Saturday, 9 February 2013

Pearson Park birdwatching

Sometimes, birdwatching on your local patch can be amazingly rewarding. Today the day started with sun and a hard frost. I set off early towards the park, hoping to avoid the bulk of visitors and dog walkers. The ground is covered on hoar frost.
I walk around the park. There is lots of different species singing: Blue, Great and Coal Tits, Dunnock, Robin, Stock Doves, Collared Doves, Mistle Thrush and the first, tentative singing of two Chaffinches, which seem unable to finish their repetitive phrase. A small Greylag flock feeds on the grass. A couple of individuals watchful for dogs, while the rest feed or rest. I was appalled when a few days ago I watched a woman encouraging her dog to chase the geese.
 After the perimeter walk, I decided to stay for another five minutes and explore the area at back of the conservatory. This was rewarded by a Golcrest, Long Tailed Tits and a Wren feeding on and under the leaf litter, giving a very mouse-like impression. I also managed to watch the courtship of the Stock Dove, very similar to that of the Woodpigeon, with bowing and tail fanning.
As I was watching a Long Tailed Tits, I heard the distant calls of geese, and looked up to see a large flock of Pink-Footed geese, flying high in a V shape towards the north. I have never seen them migrating so early, but it was probably a small movement toward Scotland, in anticipation to their migration to Iceland. I counted (on the photos I took), a flock of 104 and another of 138.
This first year male Blackbird was feeding on the frosty ground. It sprinted and then raised its tail almost to the vertical, and repeated it again. I tried to get a shot when the tail was at its highest, but failed, as I had to follow it as it run, and it had started to lower its tailed by the time I focused it.
Mallard pair on ice
This Common Gull kept a close eye on the ground as it paced on the frosty grass
Frost on the wildlife garden
I noticed a pair of Woodpigeons on a roof. The female had adopted a horizontal position and I just had time to get this poor shot of them mating.
Stock Doves were very obvious today. This one sang from a high tree.
Migrating Pink-footed geese


A short video of the migrating geese
A watchful Greylag, while its partner feeds.
The frost steams with the morning sun
This Robin had a reason to look up worriedly. A thin whistling alarm call announced a male Sparrowhawk flying past, and setting off a mixed flock of tits into frenzy. 
This is my only shot of the Sparrowhawk, settled on the tree, with white undertail feathers fluffled up. The the little birds continued calling making quite a kerfuffle nearby and they didn't stop until the raptor flew away.

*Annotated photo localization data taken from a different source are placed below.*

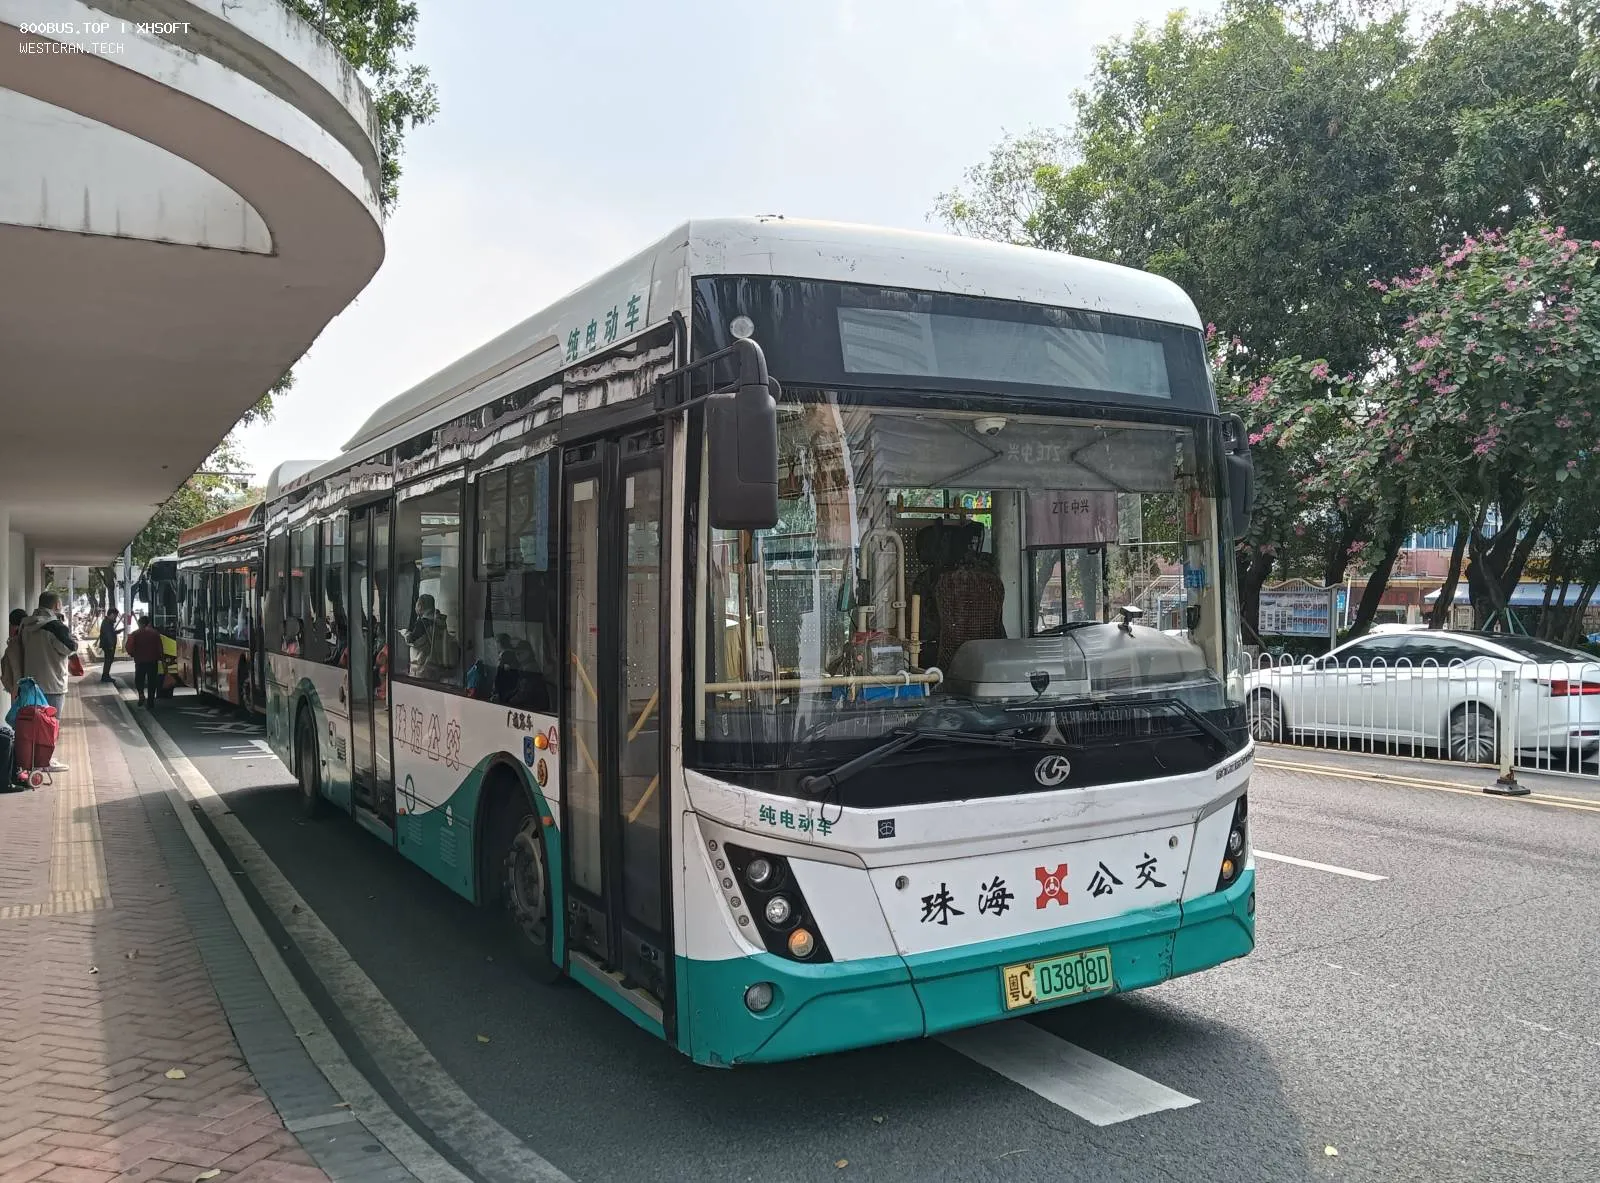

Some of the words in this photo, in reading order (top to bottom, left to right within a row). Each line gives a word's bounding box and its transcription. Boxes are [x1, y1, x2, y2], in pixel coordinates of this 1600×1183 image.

[566, 294, 641, 362] 纯电动车
[1052, 501, 1069, 514] ZTE
[1071, 499, 1089, 514] 中兴
[759, 804, 833, 837] 纯电动车
[920, 876, 1015, 926] 珠海
[1086, 852, 1168, 898] 公交

I don't think I have seen so many species on a trip to the park before!

Bird list
  1. Black-headed Gull        
  2.  Blackbird        
  3.  Blue Tit        
  4.  Canada Goose        
  5.  Carrion Crow        
  6.  Chaffinch        
  7.  Coal Tit        
  8.  Collared Dove        
  9.  Common Gull        
  10.  Dunnock        
  11.  Feral Pigeon        
  12.  Goldcrest        
  13.  Goldfinch        
  14.  Great Spotted Woodpecker        
  15.  Great Tit        
  16.  Greenfinch        
  17.  Greylag Goose        
  18.  Herring Gull        
  19.  House Sparrow        
  20.  Long-tailed Tit        
  21.  Magpie        
  22.  Mallard        
  23.  Mistle Thrush        
  24.  Moorhen        
  25.  Pink-footed Goose        
  26.  Robin        
  27.  Song Thrush        
  28.  Sparrowhawk        
  29.  Starling        
  30.  Stock Dove        
  31.  Woodpigeon        
  32.  Wren     



4 comments:

Jessica Stokes said...

Cool! Lucky getting Pink Foots on your patch!

Africa Gómez said...

Thank you! I have seen them several times when they migrate. It is an amazing sight. A few years back, a lone bird turned up at Pearson Park and stayed for a few days.

John said...

Awesome. I'm trying to learn to recognise bird song after having read some books by Simon Barnes. I live on the Park and this post just determined my Pearson Park bird song mp3 playlist :)

Africa Gómez said...

Thank you John, and all the best with your quest. Recognising bird song is one of the best gifts you can give yourself, enjoy the park!